====== Data provided ======

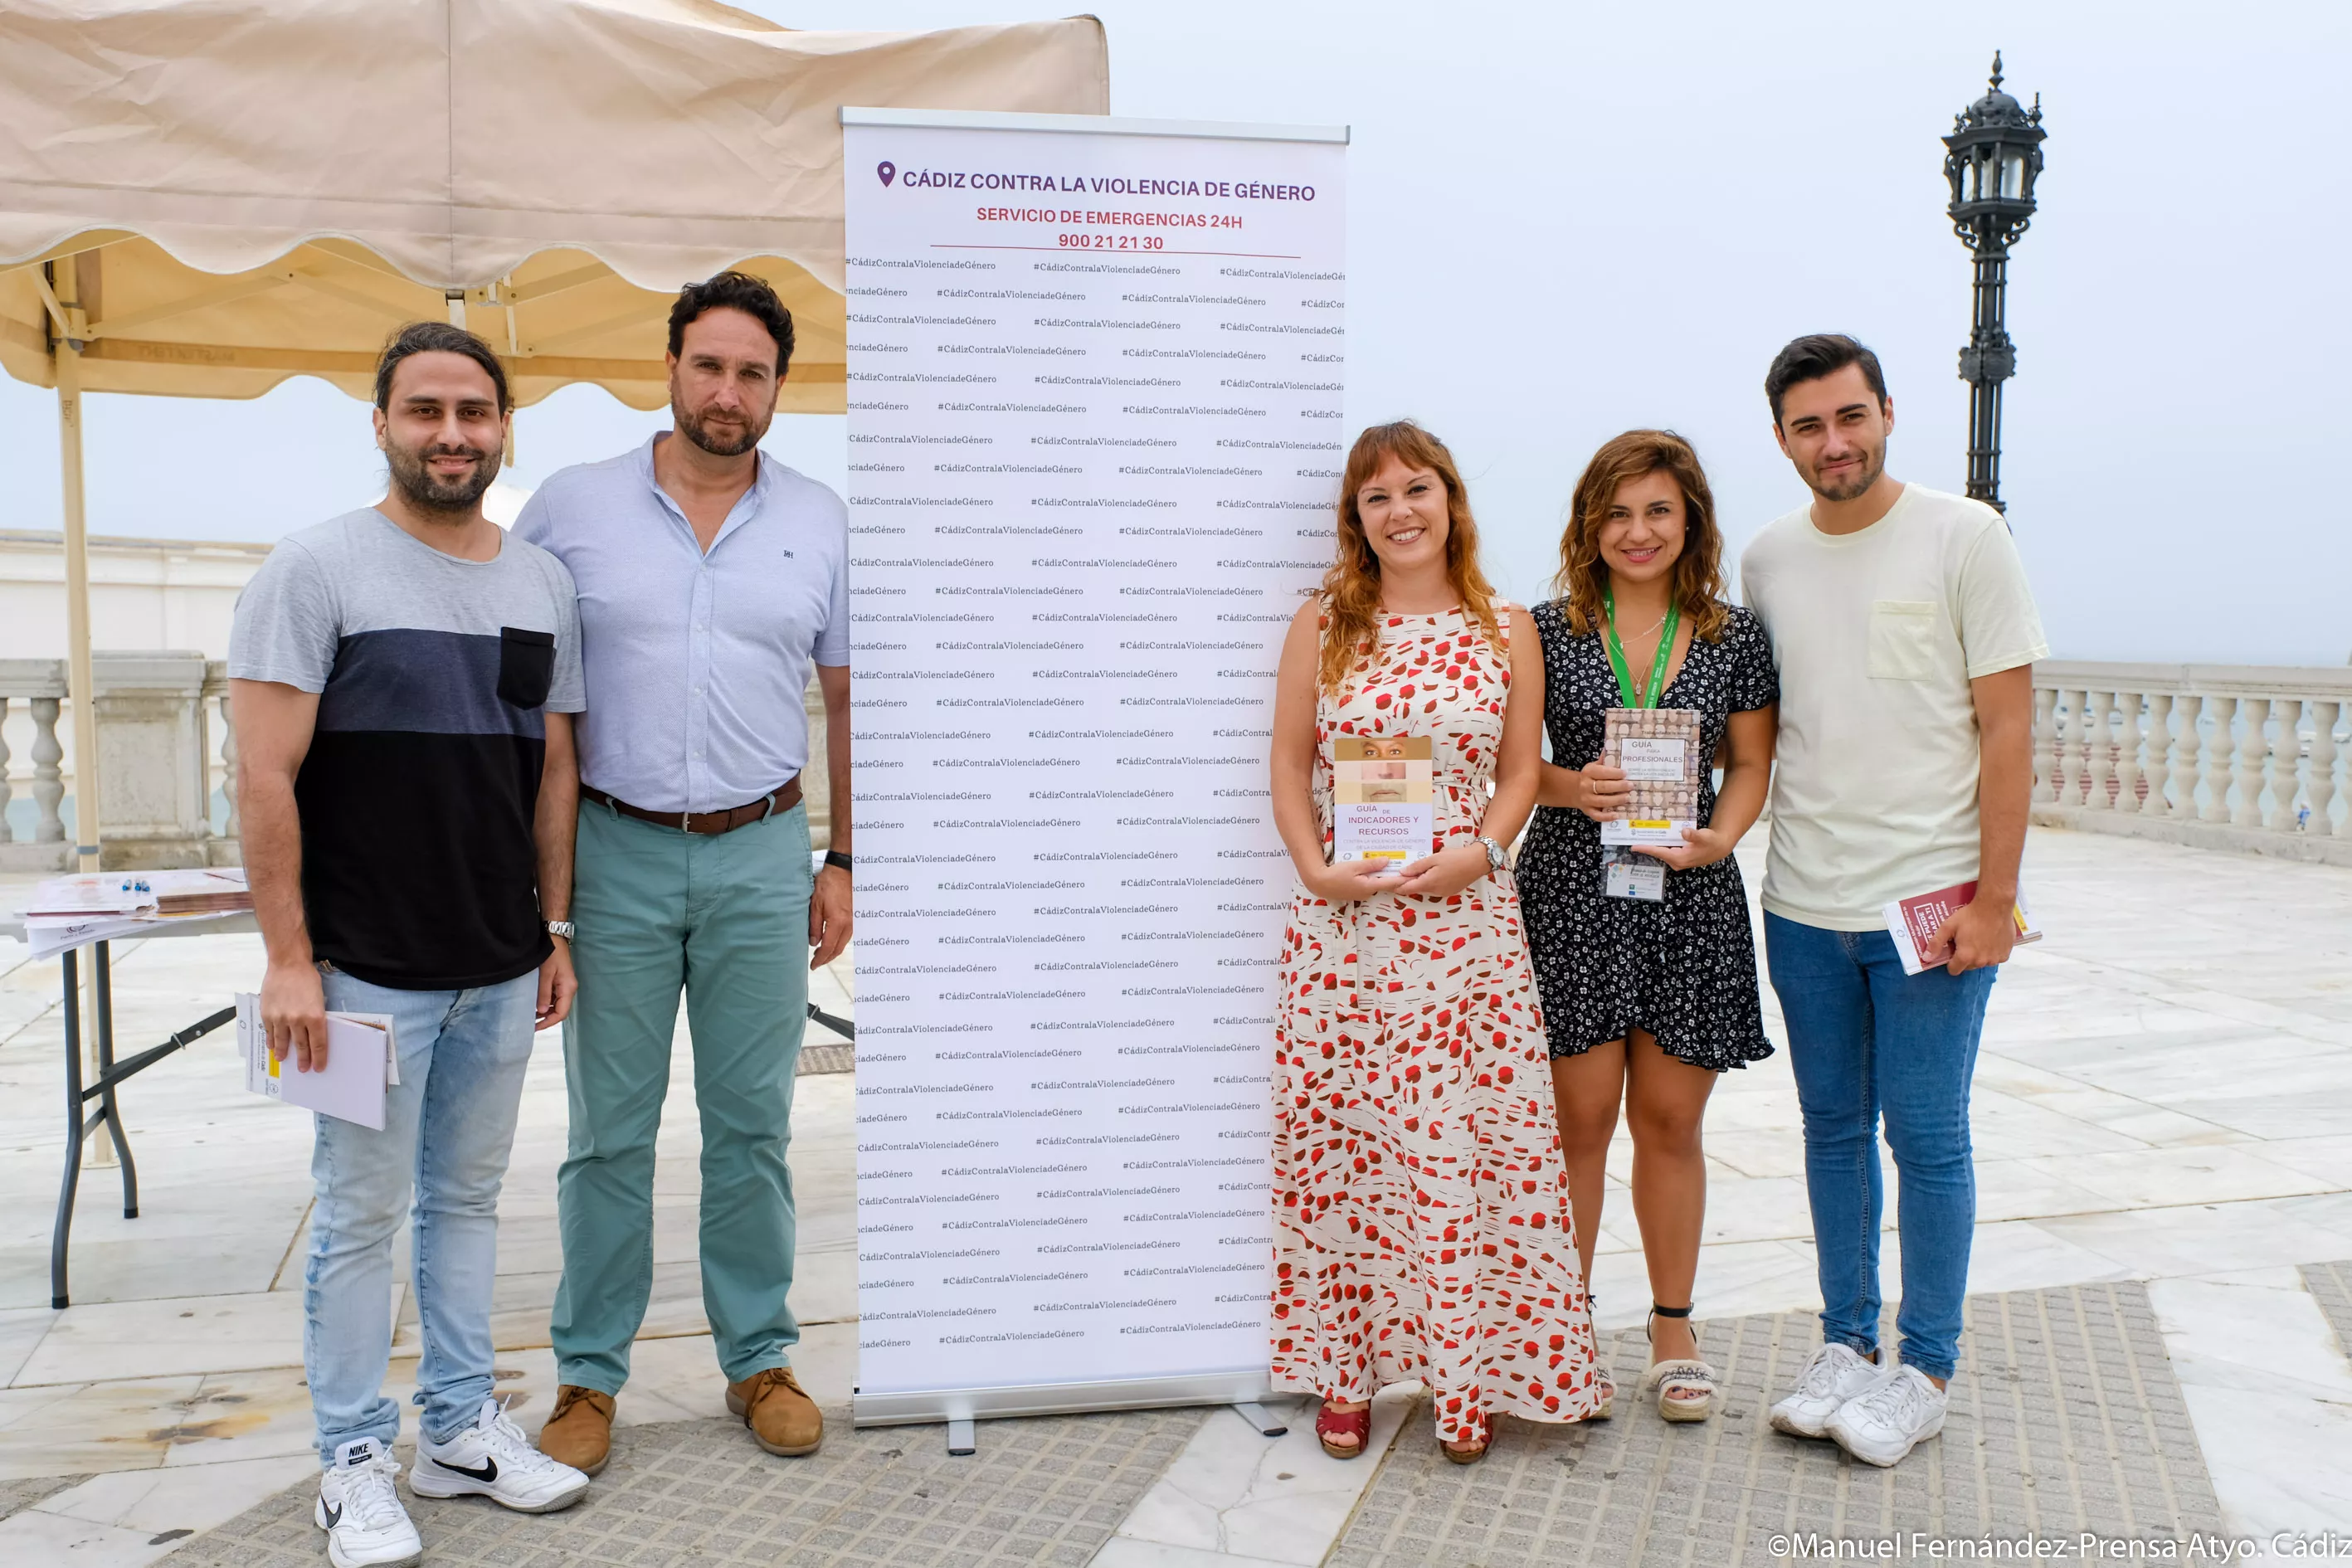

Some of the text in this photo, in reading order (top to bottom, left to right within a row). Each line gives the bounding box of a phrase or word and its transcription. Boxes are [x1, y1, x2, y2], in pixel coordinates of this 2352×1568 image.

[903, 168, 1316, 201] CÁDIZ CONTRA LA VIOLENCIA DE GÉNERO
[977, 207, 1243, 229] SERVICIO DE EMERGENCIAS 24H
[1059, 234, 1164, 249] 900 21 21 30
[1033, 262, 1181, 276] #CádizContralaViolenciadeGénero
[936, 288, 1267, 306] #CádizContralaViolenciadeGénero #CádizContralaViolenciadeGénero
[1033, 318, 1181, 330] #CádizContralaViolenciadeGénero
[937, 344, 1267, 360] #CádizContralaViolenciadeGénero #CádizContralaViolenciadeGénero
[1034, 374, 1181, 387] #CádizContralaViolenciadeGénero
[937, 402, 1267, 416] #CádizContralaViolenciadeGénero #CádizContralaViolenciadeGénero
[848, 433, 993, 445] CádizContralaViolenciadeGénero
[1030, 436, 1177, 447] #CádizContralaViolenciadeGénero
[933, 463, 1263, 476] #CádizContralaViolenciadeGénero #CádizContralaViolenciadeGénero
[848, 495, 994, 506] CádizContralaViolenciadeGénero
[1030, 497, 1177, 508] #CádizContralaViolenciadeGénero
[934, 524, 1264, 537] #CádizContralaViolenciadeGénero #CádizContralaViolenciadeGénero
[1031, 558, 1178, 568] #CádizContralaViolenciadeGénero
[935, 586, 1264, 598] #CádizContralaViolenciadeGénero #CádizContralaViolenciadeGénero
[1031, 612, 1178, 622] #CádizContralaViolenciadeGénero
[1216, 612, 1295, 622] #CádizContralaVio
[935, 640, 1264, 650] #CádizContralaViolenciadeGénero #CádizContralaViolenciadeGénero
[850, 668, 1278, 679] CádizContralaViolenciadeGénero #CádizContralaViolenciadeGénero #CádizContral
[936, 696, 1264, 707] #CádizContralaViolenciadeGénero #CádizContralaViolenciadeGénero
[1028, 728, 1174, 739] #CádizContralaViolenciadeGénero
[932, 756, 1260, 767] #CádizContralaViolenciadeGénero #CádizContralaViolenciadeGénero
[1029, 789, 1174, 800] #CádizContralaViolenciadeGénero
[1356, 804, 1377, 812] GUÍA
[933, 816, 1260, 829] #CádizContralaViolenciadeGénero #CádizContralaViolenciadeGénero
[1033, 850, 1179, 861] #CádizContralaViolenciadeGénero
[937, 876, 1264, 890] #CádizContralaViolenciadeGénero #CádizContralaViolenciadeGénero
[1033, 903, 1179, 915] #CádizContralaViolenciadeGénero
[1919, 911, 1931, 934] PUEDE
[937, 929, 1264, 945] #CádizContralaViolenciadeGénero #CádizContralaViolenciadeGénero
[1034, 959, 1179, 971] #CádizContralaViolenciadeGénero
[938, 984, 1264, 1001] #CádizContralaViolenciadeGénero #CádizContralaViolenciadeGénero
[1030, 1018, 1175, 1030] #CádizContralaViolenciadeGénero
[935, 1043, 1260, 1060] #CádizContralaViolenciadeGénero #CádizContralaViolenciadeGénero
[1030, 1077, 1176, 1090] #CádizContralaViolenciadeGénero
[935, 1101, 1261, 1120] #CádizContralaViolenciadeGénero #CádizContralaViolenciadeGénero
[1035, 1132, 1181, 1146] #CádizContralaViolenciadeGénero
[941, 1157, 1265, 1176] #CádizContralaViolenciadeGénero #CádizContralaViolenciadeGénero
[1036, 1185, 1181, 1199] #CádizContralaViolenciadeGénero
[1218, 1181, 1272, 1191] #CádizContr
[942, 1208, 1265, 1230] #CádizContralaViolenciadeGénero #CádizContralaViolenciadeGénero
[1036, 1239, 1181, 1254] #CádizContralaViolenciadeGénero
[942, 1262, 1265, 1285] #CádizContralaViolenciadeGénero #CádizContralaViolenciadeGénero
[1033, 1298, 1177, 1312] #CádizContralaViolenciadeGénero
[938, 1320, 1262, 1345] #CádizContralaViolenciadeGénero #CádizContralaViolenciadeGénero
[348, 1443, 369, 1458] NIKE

======

Exercise prompt: The job here is to write out the records exactly, pictures excluded.

Response below:
Some of the text in this photo, in reading order (top to bottom, left to right within a row). Each line gives the bounding box of a phrase or word and its transcription. Boxes are [x1, y1, x2, y2], in pixel coordinates of this 2352×1568 image.

[903, 168, 1316, 201] CÁDIZ CONTRA LA VIOLENCIA DE GÉNERO
[977, 207, 1243, 229] SERVICIO DE EMERGENCIAS 24H
[1059, 234, 1164, 249] 900 21 21 30
[1033, 262, 1181, 276] #CádizContralaViolenciadeGénero
[936, 288, 1267, 306] #CádizContralaViolenciadeGénero #CádizContralaViolenciadeGénero
[1033, 318, 1181, 330] #CádizContralaViolenciadeGénero
[937, 344, 1267, 360] #CádizContralaViolenciadeGénero #CádizContralaViolenciadeGénero
[1034, 374, 1181, 387] #CádizContralaViolenciadeGénero
[937, 402, 1267, 416] #CádizContralaViolenciadeGénero #CádizContralaViolenciadeGénero
[848, 433, 993, 445] CádizContralaViolenciadeGénero
[1030, 436, 1177, 447] #CádizContralaViolenciadeGénero
[933, 463, 1263, 476] #CádizContralaViolenciadeGénero #CádizContralaViolenciadeGénero
[848, 495, 994, 506] CádizContralaViolenciadeGénero
[1030, 497, 1177, 508] #CádizContralaViolenciadeGénero
[934, 524, 1264, 537] #CádizContralaViolenciadeGénero #CádizContralaViolenciadeGénero
[1031, 558, 1178, 568] #CádizContralaViolenciadeGénero
[935, 586, 1264, 598] #CádizContralaViolenciadeGénero #CádizContralaViolenciadeGénero
[1031, 612, 1178, 622] #CádizContralaViolenciadeGénero
[1216, 612, 1295, 622] #CádizContralaVio
[935, 640, 1264, 650] #CádizContralaViolenciadeGénero #CádizContralaViolenciadeGénero
[850, 668, 1278, 679] CádizContralaViolenciadeGénero #CádizContralaViolenciadeGénero #CádizContral
[936, 696, 1264, 707] #CádizContralaViolenciadeGénero #CádizContralaViolenciadeGénero
[1028, 728, 1174, 739] #CádizContralaViolenciadeGénero
[932, 756, 1260, 767] #CádizContralaViolenciadeGénero #CádizContralaViolenciadeGénero
[1029, 789, 1174, 800] #CádizContralaViolenciadeGénero
[1356, 804, 1377, 812] GUÍA
[933, 816, 1260, 829] #CádizContralaViolenciadeGénero #CádizContralaViolenciadeGénero
[1033, 850, 1179, 861] #CádizContralaViolenciadeGénero
[937, 876, 1264, 890] #CádizContralaViolenciadeGénero #CádizContralaViolenciadeGénero
[1033, 903, 1179, 915] #CádizContralaViolenciadeGénero
[1919, 911, 1931, 934] PUEDE
[937, 929, 1264, 945] #CádizContralaViolenciadeGénero #CádizContralaViolenciadeGénero
[1034, 959, 1179, 971] #CádizContralaViolenciadeGénero
[938, 984, 1264, 1001] #CádizContralaViolenciadeGénero #CádizContralaViolenciadeGénero
[1030, 1018, 1175, 1030] #CádizContralaViolenciadeGénero
[935, 1043, 1260, 1060] #CádizContralaViolenciadeGénero #CádizContralaViolenciadeGénero
[1030, 1077, 1176, 1090] #CádizContralaViolenciadeGénero
[935, 1101, 1261, 1120] #CádizContralaViolenciadeGénero #CádizContralaViolenciadeGénero
[1035, 1132, 1181, 1146] #CádizContralaViolenciadeGénero
[941, 1157, 1265, 1176] #CádizContralaViolenciadeGénero #CádizContralaViolenciadeGénero
[1036, 1185, 1181, 1199] #CádizContralaViolenciadeGénero
[1218, 1181, 1272, 1191] #CádizContr
[942, 1208, 1265, 1230] #CádizContralaViolenciadeGénero #CádizContralaViolenciadeGénero
[1036, 1239, 1181, 1254] #CádizContralaViolenciadeGénero
[942, 1262, 1265, 1285] #CádizContralaViolenciadeGénero #CádizContralaViolenciadeGénero
[1033, 1298, 1177, 1312] #CádizContralaViolenciadeGénero
[938, 1320, 1262, 1345] #CádizContralaViolenciadeGénero #CádizContralaViolenciadeGénero
[348, 1443, 369, 1458] NIKE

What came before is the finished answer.